Я впиваюсь в сочный кусочек мяса, невоспитанно чавкая от удовольствия. Жир течёт по пальцам.Понимаю, что со стороны выгляжу, как жалкая шавка у миски с едой, но мне так вкусно, что эта визуально непотребная мелочь меня не заботит.
Замечаю рядом крошечный кувшин размером с ладонь.
Быстро закончив с мясом, словом, порцией, которого не наелся бы и пятилетний ребёнок, я откупориваю кувшин и сразу брезгливо отворачиваюсь. Нос опаляет пьянящий душок, ничто иное, как перебродившей вино. Откладываю подальше сию непригодную для питья смесь, не решаясь удивлять свой организм новыми кулинарными шедеврами. И принимаюсь думать, что же делать дальше.
Не найдя решения я вновь подхожу к кувшину. Принюхиваюсь. Теперь это больше напоминает Горькие травы, почти такими же меня поила Юна в первую нашу встречу.
Долго не думая, а залпом осушаю кувшин. Противная горечь, кажется закрадывается в каждый уголок тела, от неё не избавиться.
Меня внезапно начинает мутить. Земля кружится. Борясь с желанием вывернуть кишки наружу я, как дохлая туша тяжелым мешком падаю на пол.
И вот время задержало дыхание. Пульс замер. Меня словно парализовало, как и весь остальной мир.
А потом временные отрезки круто отматываются взад-вперёд кадрами выстраиваясь перед глазами, будто зеркала в другой мир.
На каждом из них разворачиваются события прошлого, настоящего и будущего. Каждая воронка времени издевательски зовёт:
— Амо, Амо, Амо.....
Голоса дрожащими волнами отражаются наперебой друг от друга. Изображения, то появляются, то исчезают. Их будто заглатывает одно измерение из которого рождается новое.
Меня обуревает паника от мелькающих перед глазами событий.
— Ты достала его?— гремит знакомый угрожающий бас.
Я беспомощно оглядываюсь в поисках источника голоса. Никого.
— Поприветсвуйте дочь нашего племени,— слышу знакомый голос вождя.— Простите мои манеры— Мэкхья Аткинс...
— Дитя, чья кровь смоет проклятие,— многоголосый шёпот проносится сбивая с толку.
— Амо, Амо, Амо,— будто передразнивая снова хороводом призывают меня.
— Замолкните! — почти кричу хватаясь за голову.
— Ты достала его?
Вдруг все зеркала уходят на задний план, как бы зрительно отдаляясь от меня.
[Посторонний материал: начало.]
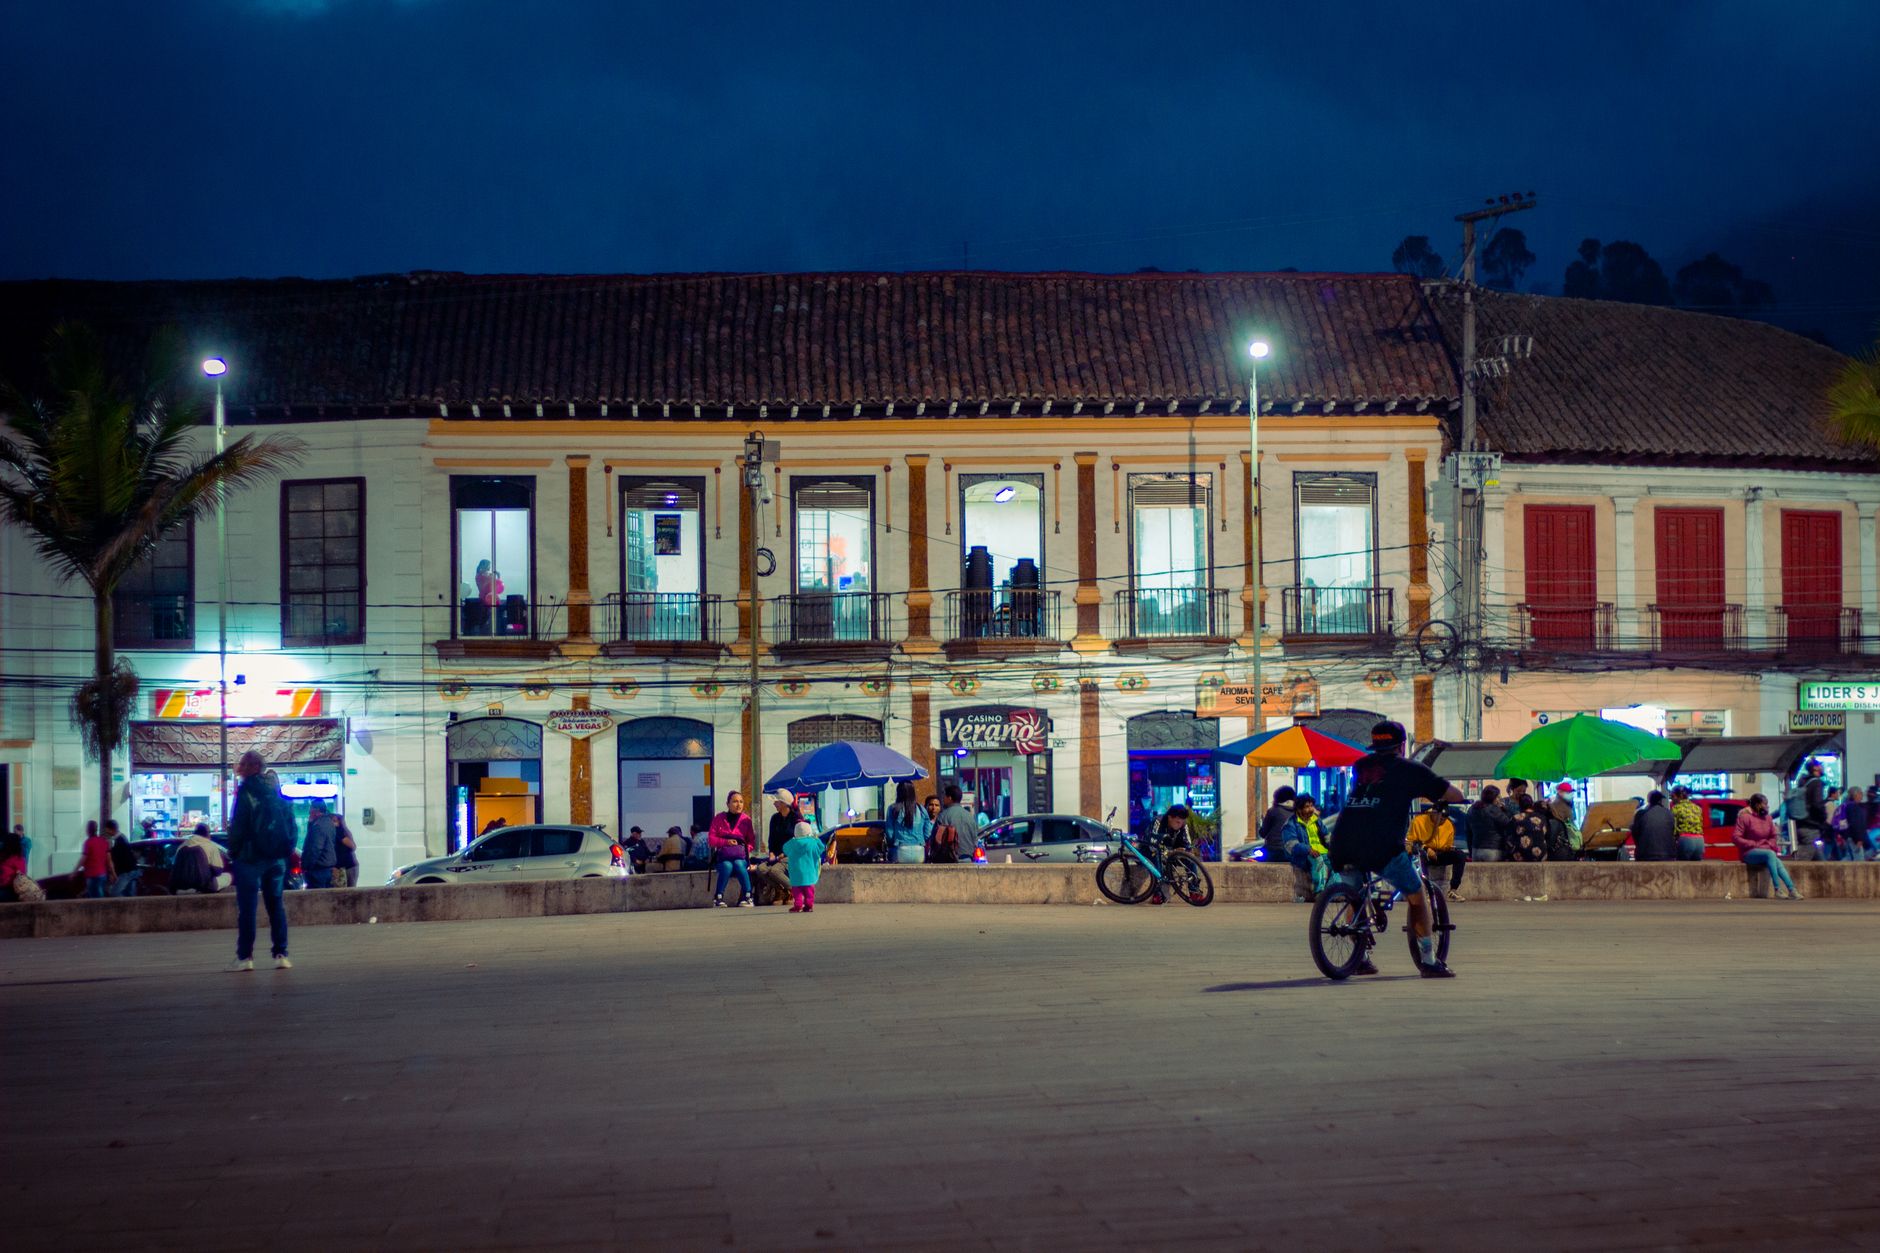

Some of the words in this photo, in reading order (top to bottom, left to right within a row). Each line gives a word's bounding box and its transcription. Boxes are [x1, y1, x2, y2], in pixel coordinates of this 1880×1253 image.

При виде самого ближнего изображения, в моей груди что-то екает. Я, как заворожённая мягкой поступью пробираюсь к зеркалу. Но добравшись до зеркальной поверхности я не вижу своего отражения, касаюсь, и меня бешеным водоворотом утаскивает вникуда. Сильно тормошит из стороны в сторону и выплевывает в пустоту.Я нахожусь в полной тишине и темноте. Я нигде. Зависаю на долгие моменты, пока не дотрагиваюсь до медальона. Он ослепляет вакуумное пространство серебристым потоком, свет проникает в самую глубь, и чёрная дыра выталкивает меня в знакомый лес у подножья горы. В место, где я бросила Мэкхью, в пяти минутах от его родной резервации.
Но только храброго индейца здесь нет. И меня тоже нет.
Я смотрю на женщину будто откуда то издалека через бинокль, ее длинные шершавые пальцы сжаты в кулаки. На сильных ногах высокие коричневые ботинки отделанные толстой чёрной ниткой. Терракотовая юбка с оборванным краем оголяет колено и смешная чёрная куртка нахлобучена поверх узкой рубашке, что явно не по размеру. Ее лицо скрыто красным треугольным платком, небрежный узел висит на макушке, она будто странник в пустыне защищается от песка.
Глаза на первый взгляд такие родные, но в тоже самое время чужие до неузнаваемости.
Очевидно, что одежда не принадлежит женщине, это своего рода маскировка. Ей страшно, она растеряна, я слышу это в ее мыслях.
Тем не менее тело приказывает ей двигаться.
Противиться нет смысла, поэтому она переходит на бег, я чувствую, что нам с ней жизненно необходимо успеть до темноты.
Добравшись до валуна женщина тревожно оглядывается назад, ожидая что вот вот кто-то появится. Но никого нет.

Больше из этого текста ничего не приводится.